6. Section 73.872 is amended by revising paragraphs (c) introductory text, (c)(1), and (d)(1) to read as follows:
(c) Voluntary time-sharing. If mutually exclusive applications have the same point total, any two or more of the tied applicants may propose to share use of the frequency by submitting, within 90 days of the release of a public notice announcing the tie, a time-share proposal. Such proposals shall be treated as amendments to the time-share proponents' applications and shall become part of the terms of the station license. Such proposals may include amendments to the applications proposing to relocate the transmitter to a central location between the proposed transmitter sites, notwithstanding the site relocation limits set forth in §§ 73.870 and 73.871. Where such proposals include all of the tied applications, all of the tied applications will be treated as tentative selectees; otherwise, time-share proponents' points will be aggregated to determine the tentative selectees.
(1) Time-share proposals shall be in writing and signed by each time-share proponent, and shall satisfy the following requirements:
(i) The proposal must specify the proposed hours of operation of each time-share proponent;
(ii) The proposal must not include simultaneous operation of the time-share proponents;
(iii) Each time-share proponent must propose to operate for at least 10 hours per week; and
(iv) If the time-share proponents propose to relocate the transmitter site to a central location beyond the site relocation limits set forth in § 73.871, the proposal must demonstrate that the proposed transmitter site is centrally located.
(d) * * *
(1) If a tie among mutually exclusive applications is not resolved through time-sharing in accordance with paragraph (c) of this section, the tied applications will be reviewed for acceptability and applicants with tied, grantable applications will be eligible for equal, successive license terms of no less than one year each for a total combined term of eight years, in accordance with § 73.873. Eligible applications will be granted simultaneously, and the sequence of the applicants' license terms will be determined by the sequence in which they file applications for licenses to cover their construction permits based on the day of filing, except that eligible applicants proposing same-site facilities will be required, within 30 days of written notification by Commission staff, to submit a written settlement agreement as to construction and license term sequence. Failure to submit such an agreement will result in the dismissal of the applications proposing same-site facilities and the grant of the remaining, eligible applications.

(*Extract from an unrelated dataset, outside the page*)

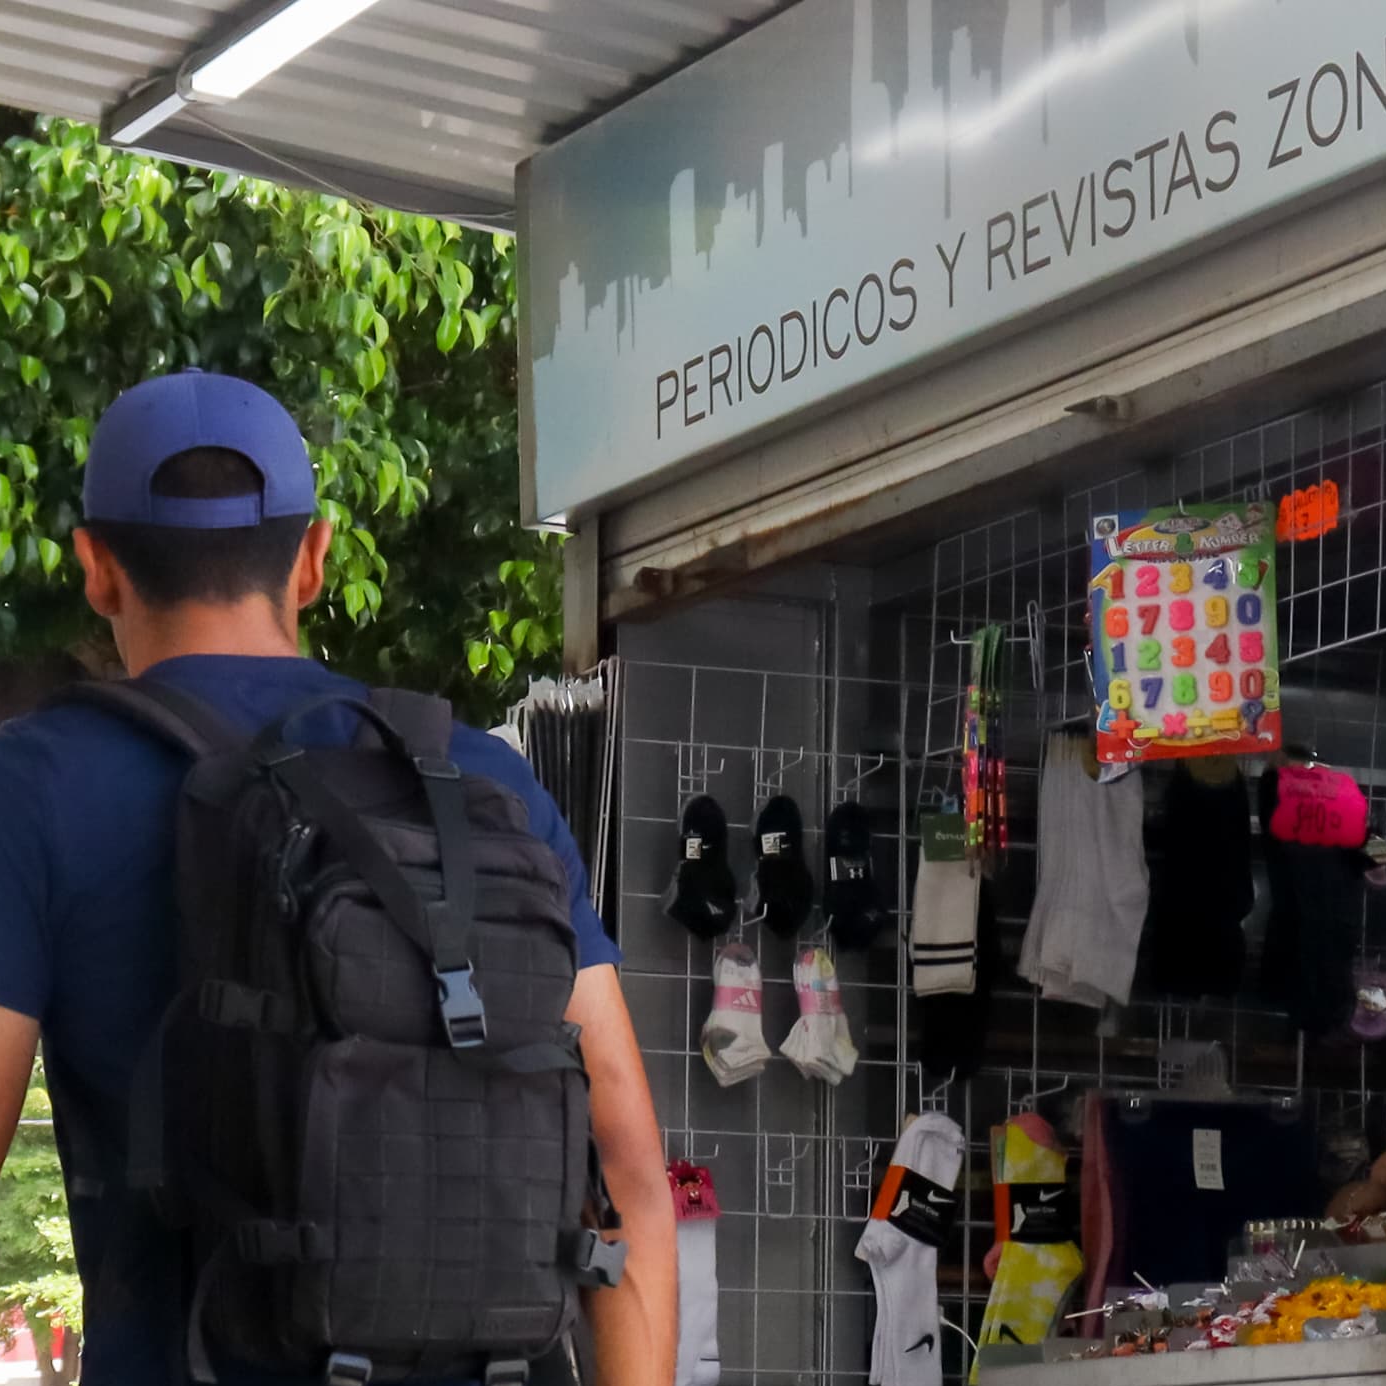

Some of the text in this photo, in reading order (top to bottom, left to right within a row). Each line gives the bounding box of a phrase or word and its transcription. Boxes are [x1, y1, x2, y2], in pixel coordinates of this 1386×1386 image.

7. Section 73.3598 is amended by revising paragraph (a) to read as follows:
(a) Each original construction permit for the construction of a new TV, AM, FM, or International Broadcast; low power TV; TV translator; TV booster; FM translator; FM booster; or LPFM station, or to make changes in such existing stations, shall specify a period of three years from the date of issuance of the original construction permit within which construction shall be completed and application for license filed.